Work instructions
Take the line with "this 2351×1568 image." as the first line and the last line of the data as the final one. Write out those lines exactly, and no others.

Items from a data source:
*** Block opens ***

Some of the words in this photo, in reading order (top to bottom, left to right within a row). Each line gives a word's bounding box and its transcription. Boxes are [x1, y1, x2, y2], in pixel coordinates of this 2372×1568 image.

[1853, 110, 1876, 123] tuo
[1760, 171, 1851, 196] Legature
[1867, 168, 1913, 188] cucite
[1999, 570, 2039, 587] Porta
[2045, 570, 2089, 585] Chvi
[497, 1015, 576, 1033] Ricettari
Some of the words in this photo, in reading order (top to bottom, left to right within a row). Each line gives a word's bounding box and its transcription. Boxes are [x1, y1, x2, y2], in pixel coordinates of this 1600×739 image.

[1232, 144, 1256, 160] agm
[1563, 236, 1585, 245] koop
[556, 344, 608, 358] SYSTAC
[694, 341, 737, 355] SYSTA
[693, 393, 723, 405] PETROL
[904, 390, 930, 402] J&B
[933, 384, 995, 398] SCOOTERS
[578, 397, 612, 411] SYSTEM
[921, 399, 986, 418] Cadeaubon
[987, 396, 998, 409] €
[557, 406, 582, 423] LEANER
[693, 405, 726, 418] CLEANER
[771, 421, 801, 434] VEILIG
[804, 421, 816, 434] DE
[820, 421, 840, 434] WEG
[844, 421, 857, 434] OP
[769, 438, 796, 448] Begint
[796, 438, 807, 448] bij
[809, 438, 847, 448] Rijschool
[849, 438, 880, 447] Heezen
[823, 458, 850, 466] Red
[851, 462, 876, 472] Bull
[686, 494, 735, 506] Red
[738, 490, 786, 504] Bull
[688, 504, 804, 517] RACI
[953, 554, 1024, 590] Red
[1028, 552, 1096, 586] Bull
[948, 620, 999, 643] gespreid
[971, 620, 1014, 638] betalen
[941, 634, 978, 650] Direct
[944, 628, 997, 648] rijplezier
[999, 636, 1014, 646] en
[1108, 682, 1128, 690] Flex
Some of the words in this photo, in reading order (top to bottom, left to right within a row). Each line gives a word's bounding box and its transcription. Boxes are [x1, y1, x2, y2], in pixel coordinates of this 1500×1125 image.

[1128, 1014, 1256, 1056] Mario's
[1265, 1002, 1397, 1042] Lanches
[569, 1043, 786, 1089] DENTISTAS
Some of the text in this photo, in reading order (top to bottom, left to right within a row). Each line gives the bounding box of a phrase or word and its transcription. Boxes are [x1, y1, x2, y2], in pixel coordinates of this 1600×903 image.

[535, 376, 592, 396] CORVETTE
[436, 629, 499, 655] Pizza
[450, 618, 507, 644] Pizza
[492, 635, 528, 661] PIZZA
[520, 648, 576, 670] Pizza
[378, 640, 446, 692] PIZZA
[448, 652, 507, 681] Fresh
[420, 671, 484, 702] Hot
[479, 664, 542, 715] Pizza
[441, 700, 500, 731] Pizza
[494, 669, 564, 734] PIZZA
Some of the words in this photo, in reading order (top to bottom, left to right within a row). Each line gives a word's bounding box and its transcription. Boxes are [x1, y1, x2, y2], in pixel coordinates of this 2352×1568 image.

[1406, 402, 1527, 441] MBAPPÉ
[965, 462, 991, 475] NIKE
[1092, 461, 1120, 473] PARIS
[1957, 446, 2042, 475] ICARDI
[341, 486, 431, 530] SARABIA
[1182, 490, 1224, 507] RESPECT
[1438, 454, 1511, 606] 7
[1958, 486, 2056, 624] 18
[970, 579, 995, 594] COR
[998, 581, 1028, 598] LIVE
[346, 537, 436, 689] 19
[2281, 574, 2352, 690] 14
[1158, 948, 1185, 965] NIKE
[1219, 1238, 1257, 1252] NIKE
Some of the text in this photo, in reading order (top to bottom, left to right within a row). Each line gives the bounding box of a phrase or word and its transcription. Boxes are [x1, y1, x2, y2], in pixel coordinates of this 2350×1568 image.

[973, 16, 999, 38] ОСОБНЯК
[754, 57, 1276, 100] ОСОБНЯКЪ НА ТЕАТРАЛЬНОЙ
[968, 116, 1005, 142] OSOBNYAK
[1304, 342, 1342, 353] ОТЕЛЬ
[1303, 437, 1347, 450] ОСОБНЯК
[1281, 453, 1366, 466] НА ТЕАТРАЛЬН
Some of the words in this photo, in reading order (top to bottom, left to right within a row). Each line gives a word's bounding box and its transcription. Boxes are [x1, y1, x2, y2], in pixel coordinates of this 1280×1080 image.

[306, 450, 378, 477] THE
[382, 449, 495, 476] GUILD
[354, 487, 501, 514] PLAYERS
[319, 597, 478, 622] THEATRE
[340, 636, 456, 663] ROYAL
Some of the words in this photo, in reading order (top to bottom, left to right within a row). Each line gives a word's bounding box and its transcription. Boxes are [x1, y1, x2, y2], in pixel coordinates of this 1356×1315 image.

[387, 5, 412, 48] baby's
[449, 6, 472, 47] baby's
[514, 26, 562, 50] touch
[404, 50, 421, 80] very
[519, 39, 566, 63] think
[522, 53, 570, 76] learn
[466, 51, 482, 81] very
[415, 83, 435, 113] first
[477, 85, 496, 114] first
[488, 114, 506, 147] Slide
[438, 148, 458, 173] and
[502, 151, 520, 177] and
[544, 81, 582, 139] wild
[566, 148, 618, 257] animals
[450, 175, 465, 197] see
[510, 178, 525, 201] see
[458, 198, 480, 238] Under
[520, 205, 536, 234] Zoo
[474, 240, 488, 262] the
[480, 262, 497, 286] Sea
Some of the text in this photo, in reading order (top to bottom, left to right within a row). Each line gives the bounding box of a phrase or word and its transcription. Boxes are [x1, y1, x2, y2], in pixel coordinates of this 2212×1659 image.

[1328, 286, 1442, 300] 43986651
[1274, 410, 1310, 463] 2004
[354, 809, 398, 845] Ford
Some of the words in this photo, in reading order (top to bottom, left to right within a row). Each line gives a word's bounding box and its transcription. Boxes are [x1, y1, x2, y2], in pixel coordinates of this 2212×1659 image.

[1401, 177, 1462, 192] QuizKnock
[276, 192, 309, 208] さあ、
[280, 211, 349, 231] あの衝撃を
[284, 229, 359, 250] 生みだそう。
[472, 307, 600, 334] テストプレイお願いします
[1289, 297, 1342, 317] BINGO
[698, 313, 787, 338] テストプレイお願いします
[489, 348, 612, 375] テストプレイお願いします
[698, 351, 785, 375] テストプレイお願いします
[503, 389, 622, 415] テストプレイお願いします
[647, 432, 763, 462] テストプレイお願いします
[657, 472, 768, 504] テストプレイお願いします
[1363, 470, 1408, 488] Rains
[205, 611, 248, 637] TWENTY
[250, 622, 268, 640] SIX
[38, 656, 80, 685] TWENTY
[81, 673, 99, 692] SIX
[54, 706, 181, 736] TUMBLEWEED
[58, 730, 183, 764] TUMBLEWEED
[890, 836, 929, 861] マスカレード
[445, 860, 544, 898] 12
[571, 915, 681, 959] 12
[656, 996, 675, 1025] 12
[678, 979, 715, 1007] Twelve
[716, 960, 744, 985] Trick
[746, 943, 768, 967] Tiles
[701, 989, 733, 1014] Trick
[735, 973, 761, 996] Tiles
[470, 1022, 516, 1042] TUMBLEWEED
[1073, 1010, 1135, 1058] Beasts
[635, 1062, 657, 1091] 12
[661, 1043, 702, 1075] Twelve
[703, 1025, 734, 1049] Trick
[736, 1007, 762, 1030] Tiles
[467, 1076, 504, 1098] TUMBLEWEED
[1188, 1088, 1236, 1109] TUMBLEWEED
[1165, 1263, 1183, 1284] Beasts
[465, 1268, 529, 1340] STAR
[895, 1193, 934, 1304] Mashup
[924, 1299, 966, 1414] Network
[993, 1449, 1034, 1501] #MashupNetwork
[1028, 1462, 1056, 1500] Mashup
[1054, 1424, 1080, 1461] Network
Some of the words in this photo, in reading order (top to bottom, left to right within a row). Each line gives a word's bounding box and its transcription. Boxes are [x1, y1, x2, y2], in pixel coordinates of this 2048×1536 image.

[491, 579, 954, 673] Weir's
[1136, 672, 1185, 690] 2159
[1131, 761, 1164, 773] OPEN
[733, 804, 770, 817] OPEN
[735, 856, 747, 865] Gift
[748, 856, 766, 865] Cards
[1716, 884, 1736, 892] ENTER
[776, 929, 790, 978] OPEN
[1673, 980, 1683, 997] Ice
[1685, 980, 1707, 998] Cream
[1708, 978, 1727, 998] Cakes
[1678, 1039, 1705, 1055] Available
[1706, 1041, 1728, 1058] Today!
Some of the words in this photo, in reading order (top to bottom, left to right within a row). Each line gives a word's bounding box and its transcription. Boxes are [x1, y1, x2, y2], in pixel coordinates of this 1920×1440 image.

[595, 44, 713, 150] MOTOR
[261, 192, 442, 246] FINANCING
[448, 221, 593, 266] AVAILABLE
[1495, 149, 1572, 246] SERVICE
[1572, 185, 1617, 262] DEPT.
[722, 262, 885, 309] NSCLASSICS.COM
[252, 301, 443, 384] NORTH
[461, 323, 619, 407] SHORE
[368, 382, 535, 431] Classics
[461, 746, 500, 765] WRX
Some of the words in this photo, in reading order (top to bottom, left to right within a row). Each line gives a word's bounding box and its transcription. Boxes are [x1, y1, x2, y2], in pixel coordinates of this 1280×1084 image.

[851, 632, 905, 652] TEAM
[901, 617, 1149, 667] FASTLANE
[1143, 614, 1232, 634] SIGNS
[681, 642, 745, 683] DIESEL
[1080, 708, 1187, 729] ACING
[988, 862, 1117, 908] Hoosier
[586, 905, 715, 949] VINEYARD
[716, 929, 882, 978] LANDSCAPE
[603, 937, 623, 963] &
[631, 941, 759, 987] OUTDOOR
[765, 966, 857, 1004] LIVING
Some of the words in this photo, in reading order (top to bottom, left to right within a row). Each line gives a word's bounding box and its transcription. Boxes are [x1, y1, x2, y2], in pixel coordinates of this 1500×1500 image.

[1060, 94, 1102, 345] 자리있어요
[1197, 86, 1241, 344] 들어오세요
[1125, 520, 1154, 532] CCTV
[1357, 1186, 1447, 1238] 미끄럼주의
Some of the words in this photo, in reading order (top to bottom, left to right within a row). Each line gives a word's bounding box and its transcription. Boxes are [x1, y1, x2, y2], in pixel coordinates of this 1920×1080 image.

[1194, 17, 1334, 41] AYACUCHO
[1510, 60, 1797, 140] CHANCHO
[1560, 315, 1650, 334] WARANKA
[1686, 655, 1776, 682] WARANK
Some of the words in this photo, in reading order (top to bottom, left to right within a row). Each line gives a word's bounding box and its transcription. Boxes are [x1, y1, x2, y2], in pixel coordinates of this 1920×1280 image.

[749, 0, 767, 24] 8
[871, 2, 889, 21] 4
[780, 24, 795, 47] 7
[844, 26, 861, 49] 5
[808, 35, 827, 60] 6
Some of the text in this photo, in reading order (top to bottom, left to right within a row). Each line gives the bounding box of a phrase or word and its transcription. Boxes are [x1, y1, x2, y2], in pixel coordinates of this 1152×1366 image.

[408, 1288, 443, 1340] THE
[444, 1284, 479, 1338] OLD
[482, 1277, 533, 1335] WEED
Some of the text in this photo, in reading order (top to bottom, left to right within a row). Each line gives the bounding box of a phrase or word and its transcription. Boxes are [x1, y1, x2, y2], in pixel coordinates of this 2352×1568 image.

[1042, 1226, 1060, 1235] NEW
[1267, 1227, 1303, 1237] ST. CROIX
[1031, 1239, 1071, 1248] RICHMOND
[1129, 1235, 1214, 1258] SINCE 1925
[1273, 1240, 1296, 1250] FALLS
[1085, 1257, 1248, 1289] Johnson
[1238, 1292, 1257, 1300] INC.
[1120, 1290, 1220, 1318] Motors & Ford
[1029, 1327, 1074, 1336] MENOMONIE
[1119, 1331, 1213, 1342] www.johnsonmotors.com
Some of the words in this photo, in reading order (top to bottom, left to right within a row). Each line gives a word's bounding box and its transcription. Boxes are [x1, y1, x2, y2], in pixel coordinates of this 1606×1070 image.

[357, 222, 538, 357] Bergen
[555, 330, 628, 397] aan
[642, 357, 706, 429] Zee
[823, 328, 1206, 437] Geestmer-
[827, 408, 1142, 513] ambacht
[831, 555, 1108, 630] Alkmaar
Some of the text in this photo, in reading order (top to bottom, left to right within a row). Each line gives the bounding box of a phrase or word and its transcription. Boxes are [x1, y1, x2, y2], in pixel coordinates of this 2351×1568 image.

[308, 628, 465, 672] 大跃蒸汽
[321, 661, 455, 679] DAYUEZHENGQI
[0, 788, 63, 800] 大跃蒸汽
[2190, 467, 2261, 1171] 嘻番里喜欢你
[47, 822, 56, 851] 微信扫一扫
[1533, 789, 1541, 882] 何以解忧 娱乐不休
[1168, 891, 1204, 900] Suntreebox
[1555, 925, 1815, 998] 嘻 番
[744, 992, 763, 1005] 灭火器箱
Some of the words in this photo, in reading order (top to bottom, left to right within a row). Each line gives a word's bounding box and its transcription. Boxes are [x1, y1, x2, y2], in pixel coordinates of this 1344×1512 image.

*** Block closes ***

Expected answer
Some of the text in this photo, in reading order (top to bottom, left to right within a row). Each line gives the bounding box of a phrase or word and its transcription. Boxes are [x1, y1, x2, y2], in pixel coordinates of this 2351×1568 image.

[308, 628, 465, 672] 大跃蒸汽
[321, 661, 455, 679] DAYUEZHENGQI
[0, 788, 63, 800] 大跃蒸汽
[2190, 467, 2261, 1171] 嘻番里喜欢你
[47, 822, 56, 851] 微信扫一扫
[1533, 789, 1541, 882] 何以解忧 娱乐不休
[1168, 891, 1204, 900] Suntreebox
[1555, 925, 1815, 998] 嘻 番
[744, 992, 763, 1005] 灭火器箱
Some of the words in this photo, in reading order (top to bottom, left to right within a row). Each line gives a word's bounding box and its transcription. Boxes are [x1, y1, x2, y2], in pixel coordinates of this 1344×1512 image.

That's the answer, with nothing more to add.